● **ABOUT THIS TASK**:
Would you repeat every line of the material exactly?

● **EXERCISE INPUT**:
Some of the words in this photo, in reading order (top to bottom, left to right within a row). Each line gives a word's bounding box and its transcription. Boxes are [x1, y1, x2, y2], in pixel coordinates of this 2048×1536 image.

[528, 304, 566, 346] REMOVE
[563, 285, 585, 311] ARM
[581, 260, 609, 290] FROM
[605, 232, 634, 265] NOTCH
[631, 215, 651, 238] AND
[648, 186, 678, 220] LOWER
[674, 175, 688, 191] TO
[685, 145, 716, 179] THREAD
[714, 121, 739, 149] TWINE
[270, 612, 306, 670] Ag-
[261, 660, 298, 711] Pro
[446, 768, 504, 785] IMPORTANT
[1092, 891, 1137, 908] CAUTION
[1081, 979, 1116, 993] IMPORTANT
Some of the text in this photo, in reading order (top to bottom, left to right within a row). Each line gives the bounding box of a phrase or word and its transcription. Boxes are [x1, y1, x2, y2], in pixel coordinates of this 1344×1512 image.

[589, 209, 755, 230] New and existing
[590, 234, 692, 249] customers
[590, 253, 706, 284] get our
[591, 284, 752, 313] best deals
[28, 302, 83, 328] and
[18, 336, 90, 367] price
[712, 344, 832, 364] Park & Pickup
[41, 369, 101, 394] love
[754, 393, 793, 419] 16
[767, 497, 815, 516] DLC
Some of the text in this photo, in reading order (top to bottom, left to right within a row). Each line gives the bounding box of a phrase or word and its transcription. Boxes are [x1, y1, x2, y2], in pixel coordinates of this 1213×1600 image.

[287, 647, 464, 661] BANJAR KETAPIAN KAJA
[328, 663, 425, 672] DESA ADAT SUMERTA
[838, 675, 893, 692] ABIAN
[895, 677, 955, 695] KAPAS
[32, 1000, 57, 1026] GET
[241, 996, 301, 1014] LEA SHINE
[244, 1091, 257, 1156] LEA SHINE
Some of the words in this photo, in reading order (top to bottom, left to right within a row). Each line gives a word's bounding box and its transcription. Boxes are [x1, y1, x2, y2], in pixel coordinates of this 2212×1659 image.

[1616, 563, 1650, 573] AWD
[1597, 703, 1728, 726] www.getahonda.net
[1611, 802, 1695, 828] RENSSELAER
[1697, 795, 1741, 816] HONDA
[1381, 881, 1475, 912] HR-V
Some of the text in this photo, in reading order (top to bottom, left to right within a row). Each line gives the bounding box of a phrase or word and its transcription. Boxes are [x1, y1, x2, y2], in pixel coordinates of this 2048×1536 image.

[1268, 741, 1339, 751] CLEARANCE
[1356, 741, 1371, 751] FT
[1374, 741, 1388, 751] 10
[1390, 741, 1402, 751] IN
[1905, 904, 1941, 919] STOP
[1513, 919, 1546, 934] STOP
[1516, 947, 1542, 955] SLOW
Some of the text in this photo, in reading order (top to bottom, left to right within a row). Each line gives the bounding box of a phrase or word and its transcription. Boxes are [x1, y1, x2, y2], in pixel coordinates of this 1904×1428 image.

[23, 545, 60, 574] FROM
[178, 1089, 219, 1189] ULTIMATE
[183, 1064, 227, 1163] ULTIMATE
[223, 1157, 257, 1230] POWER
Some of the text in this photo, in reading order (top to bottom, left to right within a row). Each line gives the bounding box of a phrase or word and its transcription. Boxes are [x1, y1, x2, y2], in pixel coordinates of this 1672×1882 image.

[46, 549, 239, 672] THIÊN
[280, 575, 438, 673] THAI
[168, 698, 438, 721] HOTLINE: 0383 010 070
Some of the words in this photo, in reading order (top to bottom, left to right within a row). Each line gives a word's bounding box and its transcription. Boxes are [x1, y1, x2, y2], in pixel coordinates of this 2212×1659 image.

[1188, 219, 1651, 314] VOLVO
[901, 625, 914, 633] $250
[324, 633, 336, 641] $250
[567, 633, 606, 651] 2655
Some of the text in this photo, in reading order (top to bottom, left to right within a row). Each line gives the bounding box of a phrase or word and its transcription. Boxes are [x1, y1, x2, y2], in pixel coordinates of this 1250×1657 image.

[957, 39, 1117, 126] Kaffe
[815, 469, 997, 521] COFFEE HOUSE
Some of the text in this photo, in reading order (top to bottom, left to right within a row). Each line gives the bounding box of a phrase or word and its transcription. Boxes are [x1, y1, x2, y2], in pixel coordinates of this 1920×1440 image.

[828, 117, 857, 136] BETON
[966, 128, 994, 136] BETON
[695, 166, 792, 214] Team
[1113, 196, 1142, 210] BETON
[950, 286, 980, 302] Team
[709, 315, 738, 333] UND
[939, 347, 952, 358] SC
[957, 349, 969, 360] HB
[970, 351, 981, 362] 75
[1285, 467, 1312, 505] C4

● **RESULT**:
Some of the words in this photo, in reading order (top to bottom, left to right within a row). Each line gives a word's bounding box and its transcription. Boxes are [x1, y1, x2, y2], in pixel coordinates of this 2048×1536 image.

[528, 304, 566, 346] REMOVE
[563, 285, 585, 311] ARM
[581, 260, 609, 290] FROM
[605, 232, 634, 265] NOTCH
[631, 215, 651, 238] AND
[648, 186, 678, 220] LOWER
[674, 175, 688, 191] TO
[685, 145, 716, 179] THREAD
[714, 121, 739, 149] TWINE
[270, 612, 306, 670] Ag-
[261, 660, 298, 711] Pro
[446, 768, 504, 785] IMPORTANT
[1092, 891, 1137, 908] CAUTION
[1081, 979, 1116, 993] IMPORTANT
Some of the text in this photo, in reading order (top to bottom, left to right within a row). Each line gives the bounding box of a phrase or word and its transcription. Boxes are [x1, y1, x2, y2], in pixel coordinates of this 1344×1512 image.

[589, 209, 755, 230] New and existing
[590, 234, 692, 249] customers
[590, 253, 706, 284] get our
[591, 284, 752, 313] best deals
[28, 302, 83, 328] and
[18, 336, 90, 367] price
[712, 344, 832, 364] Park & Pickup
[41, 369, 101, 394] love
[754, 393, 793, 419] 16
[767, 497, 815, 516] DLC
Some of the text in this photo, in reading order (top to bottom, left to right within a row). Each line gives the bounding box of a phrase or word and its transcription. Boxes are [x1, y1, x2, y2], in pixel coordinates of this 1213×1600 image.

[287, 647, 464, 661] BANJAR KETAPIAN KAJA
[328, 663, 425, 672] DESA ADAT SUMERTA
[838, 675, 893, 692] ABIAN
[895, 677, 955, 695] KAPAS
[32, 1000, 57, 1026] GET
[241, 996, 301, 1014] LEA SHINE
[244, 1091, 257, 1156] LEA SHINE
Some of the words in this photo, in reading order (top to bottom, left to right within a row). Each line gives a word's bounding box and its transcription. Boxes are [x1, y1, x2, y2], in pixel coordinates of this 2212×1659 image.

[1616, 563, 1650, 573] AWD
[1597, 703, 1728, 726] www.getahonda.net
[1611, 802, 1695, 828] RENSSELAER
[1697, 795, 1741, 816] HONDA
[1381, 881, 1475, 912] HR-V
Some of the text in this photo, in reading order (top to bottom, left to right within a row). Each line gives the bounding box of a phrase or word and its transcription. Boxes are [x1, y1, x2, y2], in pixel coordinates of this 2048×1536 image.

[1268, 741, 1339, 751] CLEARANCE
[1356, 741, 1371, 751] FT
[1374, 741, 1388, 751] 10
[1390, 741, 1402, 751] IN
[1905, 904, 1941, 919] STOP
[1513, 919, 1546, 934] STOP
[1516, 947, 1542, 955] SLOW
Some of the text in this photo, in reading order (top to bottom, left to right within a row). Each line gives the bounding box of a phrase or word and its transcription. Boxes are [x1, y1, x2, y2], in pixel coordinates of this 1904×1428 image.

[23, 545, 60, 574] FROM
[178, 1089, 219, 1189] ULTIMATE
[183, 1064, 227, 1163] ULTIMATE
[223, 1157, 257, 1230] POWER
Some of the text in this photo, in reading order (top to bottom, left to right within a row). Each line gives the bounding box of a phrase or word and its transcription. Boxes are [x1, y1, x2, y2], in pixel coordinates of this 1672×1882 image.

[46, 549, 239, 672] THIÊN
[280, 575, 438, 673] THAI
[168, 698, 438, 721] HOTLINE: 0383 010 070
Some of the words in this photo, in reading order (top to bottom, left to right within a row). Each line gives a word's bounding box and its transcription. Boxes are [x1, y1, x2, y2], in pixel coordinates of this 2212×1659 image.

[1188, 219, 1651, 314] VOLVO
[901, 625, 914, 633] $250
[324, 633, 336, 641] $250
[567, 633, 606, 651] 2655
Some of the text in this photo, in reading order (top to bottom, left to right within a row). Each line gives the bounding box of a phrase or word and its transcription. Boxes are [x1, y1, x2, y2], in pixel coordinates of this 1250×1657 image.

[957, 39, 1117, 126] Kaffe
[815, 469, 997, 521] COFFEE HOUSE
Some of the text in this photo, in reading order (top to bottom, left to right within a row). Each line gives the bounding box of a phrase or word and its transcription. Boxes are [x1, y1, x2, y2], in pixel coordinates of this 1920×1440 image.

[828, 117, 857, 136] BETON
[966, 128, 994, 136] BETON
[695, 166, 792, 214] Team
[1113, 196, 1142, 210] BETON
[950, 286, 980, 302] Team
[709, 315, 738, 333] UND
[939, 347, 952, 358] SC
[957, 349, 969, 360] HB
[970, 351, 981, 362] 75
[1285, 467, 1312, 505] C4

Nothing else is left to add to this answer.